What to do | Wherever a picture appears, skip it and retype the rest of the data exactly.

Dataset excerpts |
___
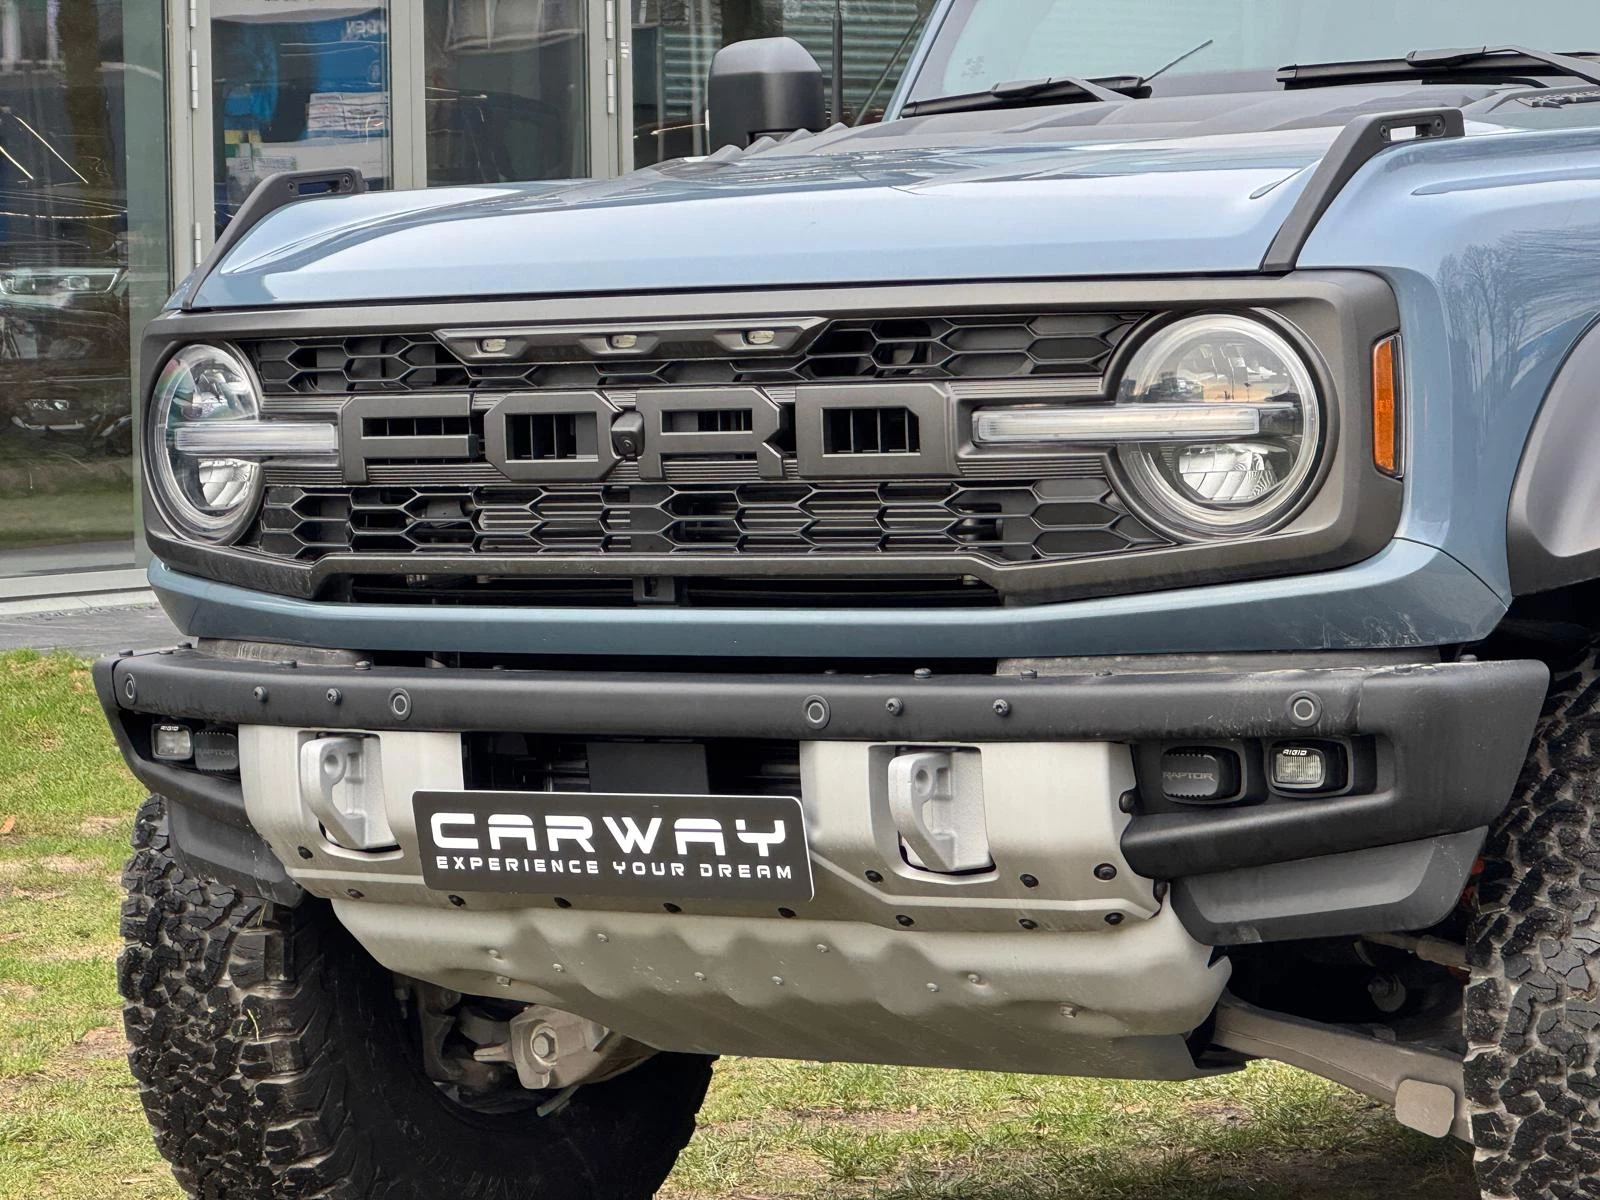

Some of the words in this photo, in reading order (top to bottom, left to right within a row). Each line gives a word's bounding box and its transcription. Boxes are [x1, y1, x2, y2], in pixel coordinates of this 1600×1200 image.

[342, 384, 959, 485] FORD
[1162, 771, 1217, 782] RAPTOR
[430, 812, 786, 857] CARWAY
[435, 855, 599, 874] EXPERIENCE
[612, 861, 685, 877] YOUR
[699, 863, 792, 879] DREAM
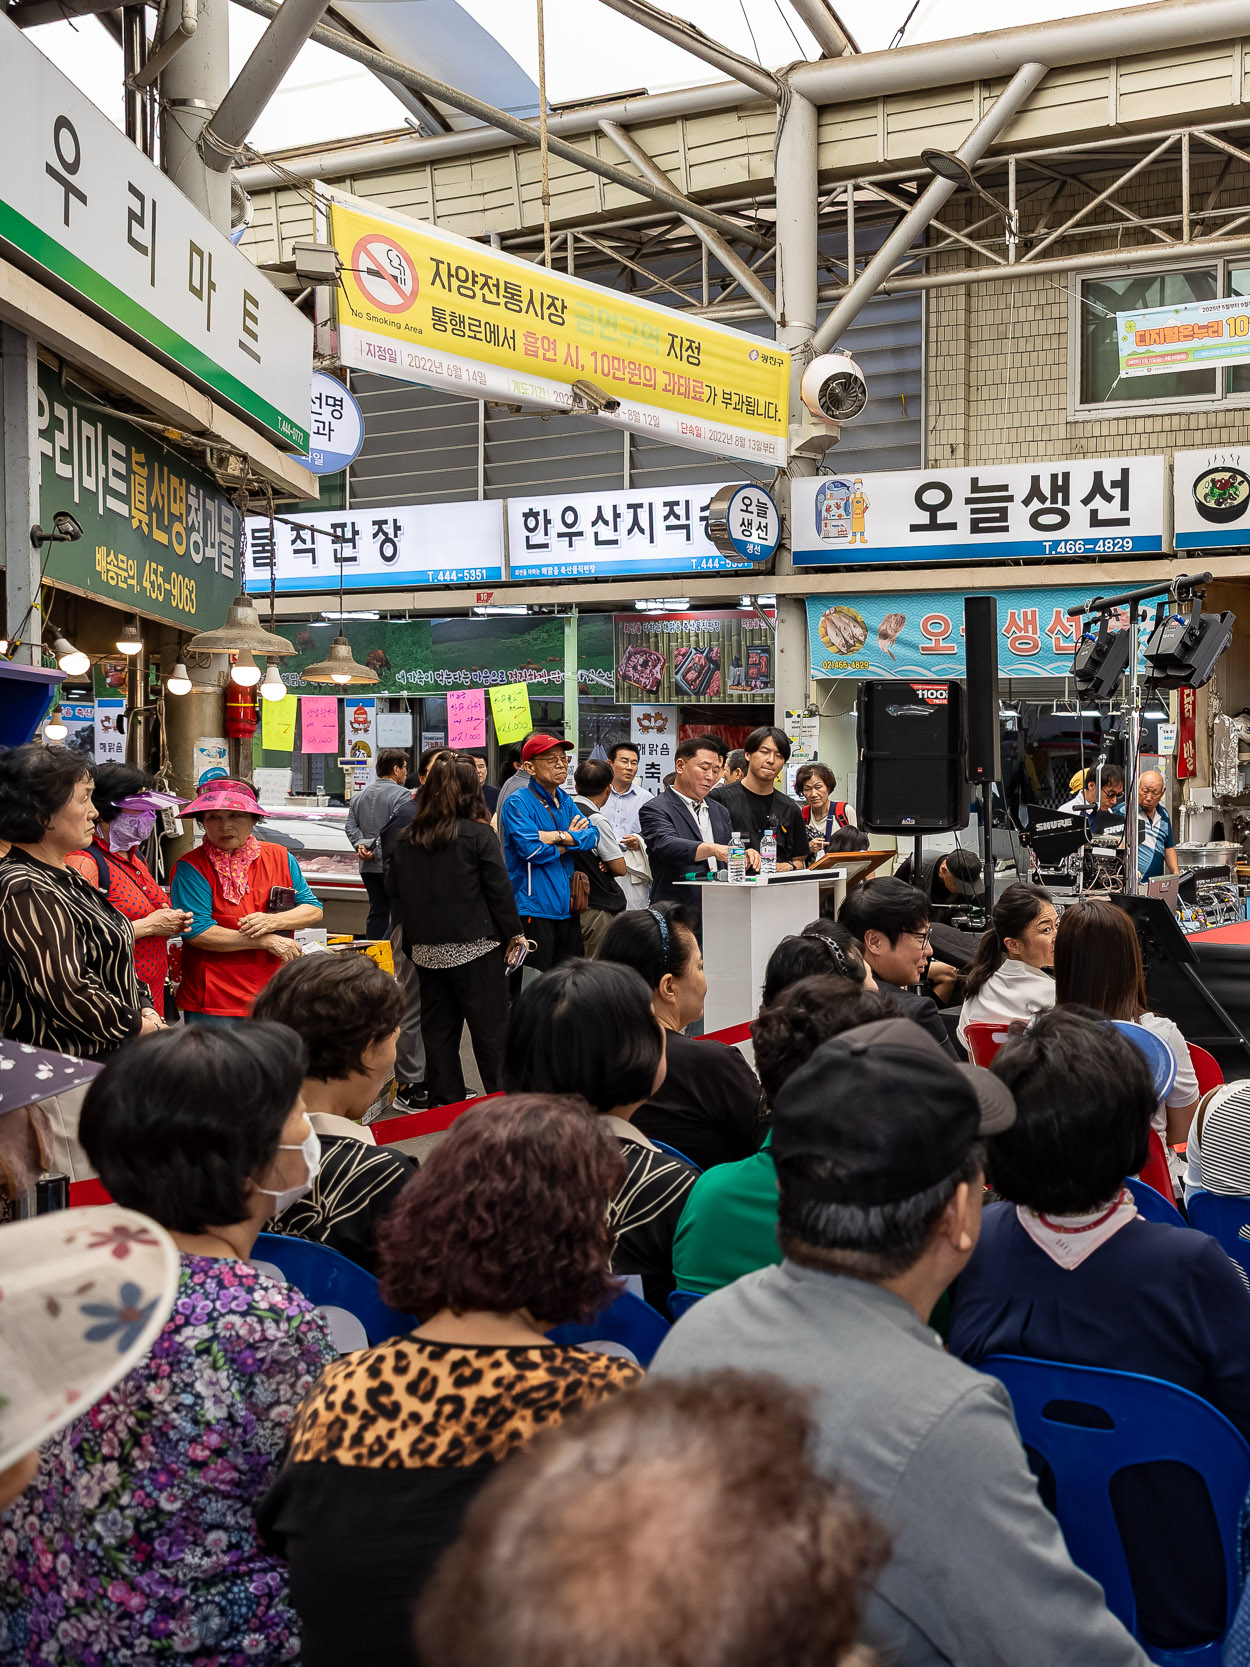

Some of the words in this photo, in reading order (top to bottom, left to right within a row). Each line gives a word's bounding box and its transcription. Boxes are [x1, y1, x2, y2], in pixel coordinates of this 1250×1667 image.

[46, 115, 261, 364] 우리마트
[430, 256, 567, 327] 자양전통시장
[667, 332, 702, 367] 지정
[366, 312, 402, 330] Smoking
[404, 322, 423, 335] Area
[1134, 320, 1223, 348] 디지털온누리
[431, 306, 517, 352] 통행로에서
[523, 331, 558, 364] 흡연
[563, 343, 585, 372] 시,
[590, 351, 657, 391] 10만원의
[662, 370, 717, 406] 과태료가
[721, 389, 782, 423] 부과됩니다.
[761, 354, 784, 367] 광진구
[366, 342, 397, 364] 지정일
[408, 353, 443, 375] 2022년
[447, 363, 462, 379] 6월
[465, 368, 487, 386] 14일
[643, 412, 660, 428] 12일
[681, 421, 702, 439] 단속일
[709, 429, 733, 445] 2022년
[735, 436, 746, 448] 8월
[748, 438, 776, 455] 13일부터
[740, 496, 768, 519] 오늘
[909, 467, 1131, 535] 오늘생선
[188, 484, 234, 579] 청과물
[740, 517, 768, 541] 생선
[746, 543, 760, 555] 생선
[1043, 538, 1133, 555] T.466-4829
[143, 560, 196, 614] 455-9063
[427, 569, 488, 583] T.444-5351
[919, 607, 1082, 655] 오생선
[407, 668, 434, 686] 가족이
[435, 669, 471, 686] 먹는다는
[472, 668, 507, 686] 마음으로
[822, 660, 870, 671] 02)466-4829
[916, 689, 946, 699] 1100
[1035, 818, 1073, 832] SHURE
[1103, 823, 1125, 835] SHU
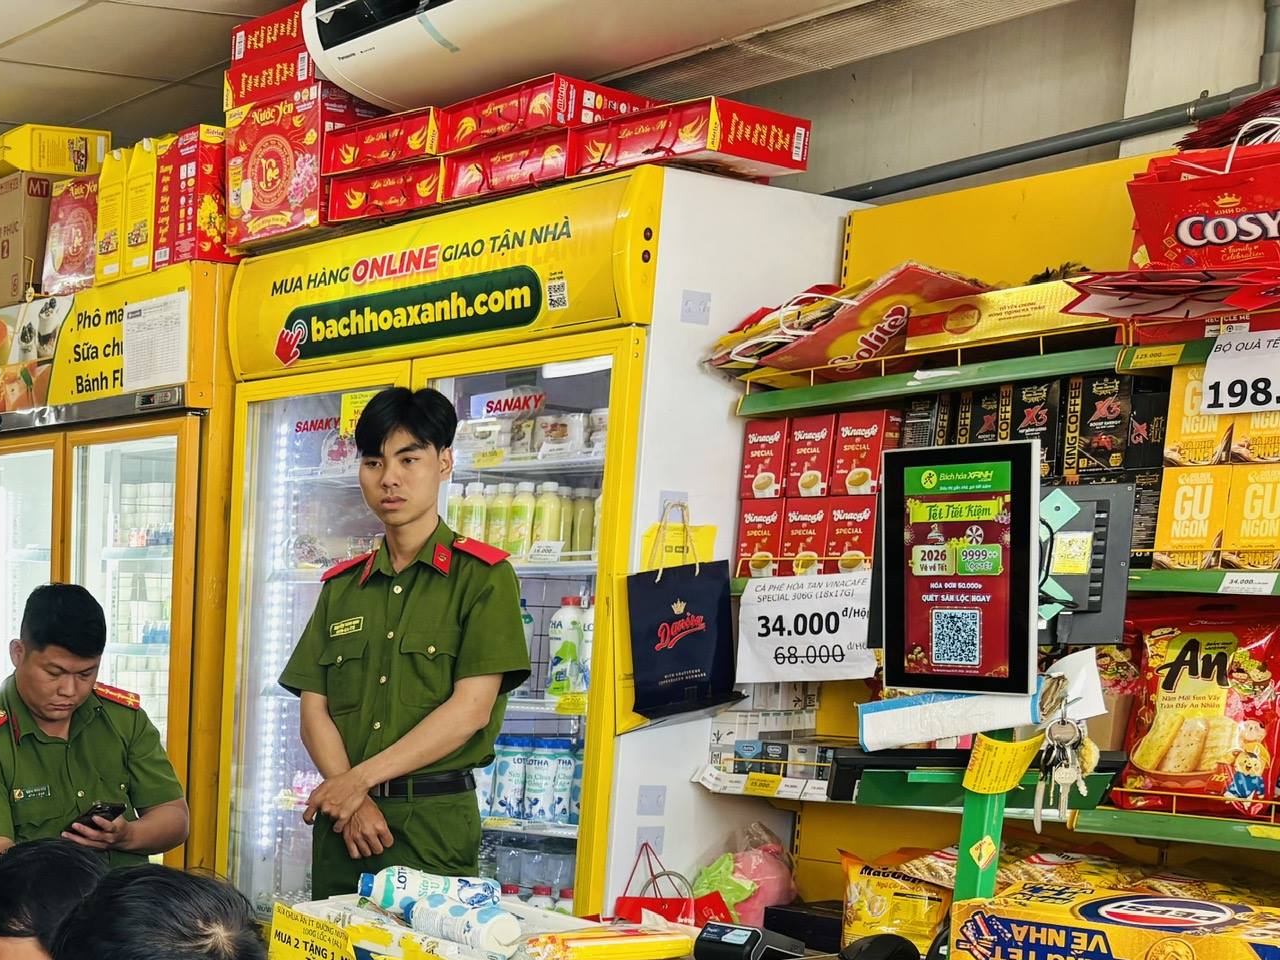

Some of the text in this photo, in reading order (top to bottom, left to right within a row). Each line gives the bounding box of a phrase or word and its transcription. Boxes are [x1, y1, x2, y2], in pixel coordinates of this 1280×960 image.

[1177, 211, 1280, 247] COSY
[271, 216, 572, 297] MUA HÀNG ONLINE GIAO TẬN NHÀ
[77, 311, 101, 330] Phô
[311, 284, 531, 342] bachhoaxanh.com
[74, 343, 99, 362] Sữa
[1214, 342, 1231, 353] BỘ
[1235, 339, 1262, 352] QUẢ
[76, 375, 109, 394] Bánh
[486, 395, 543, 415] SANAKY
[1067, 381, 1081, 435] COFFEE
[750, 449, 774, 458] SPECIAL
[797, 446, 820, 454] SPECIAL
[843, 442, 870, 451] SPECIAL
[1173, 485, 1213, 520] GU
[1171, 520, 1210, 538] NGON
[921, 550, 946, 561] 2026
[962, 550, 988, 560] 9999
[808, 580, 822, 590] TAN
[758, 592, 789, 603] SPECIAL
[792, 591, 812, 601] 306G
[758, 611, 840, 638] 34.000
[774, 644, 844, 665] 68.000
[1156, 638, 1230, 692] An
[274, 930, 291, 946] MUA
[294, 938, 299, 949] 2
[303, 940, 327, 959] TẶNG
[1011, 924, 1108, 958] VỀ NHÀ
___
Expected output |
Some of the words in this photo, in reading order (top to bottom, left to right within a row). Each line gives a word's bounding box and its transcription. Boxes are [x1, y1, x2, y2], in pixel coordinates of this 1600×1200 image.

[342, 384, 959, 485] FORD
[1162, 771, 1217, 782] RAPTOR
[430, 812, 786, 857] CARWAY
[435, 855, 599, 874] EXPERIENCE
[612, 861, 685, 877] YOUR
[699, 863, 792, 879] DREAM

Some of the words in this photo, in reading order (top to bottom, left to right within a row). Each line gives a word's bounding box and its transcription. Boxes are [x1, y1, x2, y2], in pixel coordinates of this 1250×1667 image.

[46, 115, 261, 364] 우리마트
[430, 256, 567, 327] 자양전통시장
[667, 332, 702, 367] 지정
[366, 312, 402, 330] Smoking
[404, 322, 423, 335] Area
[1134, 320, 1223, 348] 디지털온누리
[431, 306, 517, 352] 통행로에서
[523, 331, 558, 364] 흡연
[563, 343, 585, 372] 시,
[590, 351, 657, 391] 10만원의
[662, 370, 717, 406] 과태료가
[721, 389, 782, 423] 부과됩니다.
[761, 354, 784, 367] 광진구
[366, 342, 397, 364] 지정일
[408, 353, 443, 375] 2022년
[447, 363, 462, 379] 6월
[465, 368, 487, 386] 14일
[643, 412, 660, 428] 12일
[681, 421, 702, 439] 단속일
[709, 429, 733, 445] 2022년
[735, 436, 746, 448] 8월
[748, 438, 776, 455] 13일부터
[740, 496, 768, 519] 오늘
[909, 467, 1131, 535] 오늘생선
[188, 484, 234, 579] 청과물
[740, 517, 768, 541] 생선
[746, 543, 760, 555] 생선
[1043, 538, 1133, 555] T.466-4829
[143, 560, 196, 614] 455-9063
[427, 569, 488, 583] T.444-5351
[919, 607, 1082, 655] 오생선
[407, 668, 434, 686] 가족이
[435, 669, 471, 686] 먹는다는
[472, 668, 507, 686] 마음으로
[822, 660, 870, 671] 02)466-4829
[916, 689, 946, 699] 1100
[1035, 818, 1073, 832] SHURE
[1103, 823, 1125, 835] SHU

Some of the text in this photo, in reading order (top to bottom, left to right within a row). Each line gives the bounding box of a phrase or word and its transcription. Boxes are [x1, y1, x2, y2], in pixel coordinates of this 1280×960 image.

[1177, 211, 1280, 247] COSY
[271, 216, 572, 297] MUA HÀNG ONLINE GIAO TẬN NHÀ
[77, 311, 101, 330] Phô
[311, 284, 531, 342] bachhoaxanh.com
[74, 343, 99, 362] Sữa
[1214, 342, 1231, 353] BỘ
[1235, 339, 1262, 352] QUẢ
[76, 375, 109, 394] Bánh
[486, 395, 543, 415] SANAKY
[1067, 381, 1081, 435] COFFEE
[750, 449, 774, 458] SPECIAL
[797, 446, 820, 454] SPECIAL
[843, 442, 870, 451] SPECIAL
[1173, 485, 1213, 520] GU
[1171, 520, 1210, 538] NGON
[921, 550, 946, 561] 2026
[962, 550, 988, 560] 9999
[808, 580, 822, 590] TAN
[758, 592, 789, 603] SPECIAL
[792, 591, 812, 601] 306G
[758, 611, 840, 638] 34.000
[774, 644, 844, 665] 68.000
[1156, 638, 1230, 692] An
[274, 930, 291, 946] MUA
[294, 938, 299, 949] 2
[303, 940, 327, 959] TẶNG
[1011, 924, 1108, 958] VỀ NHÀ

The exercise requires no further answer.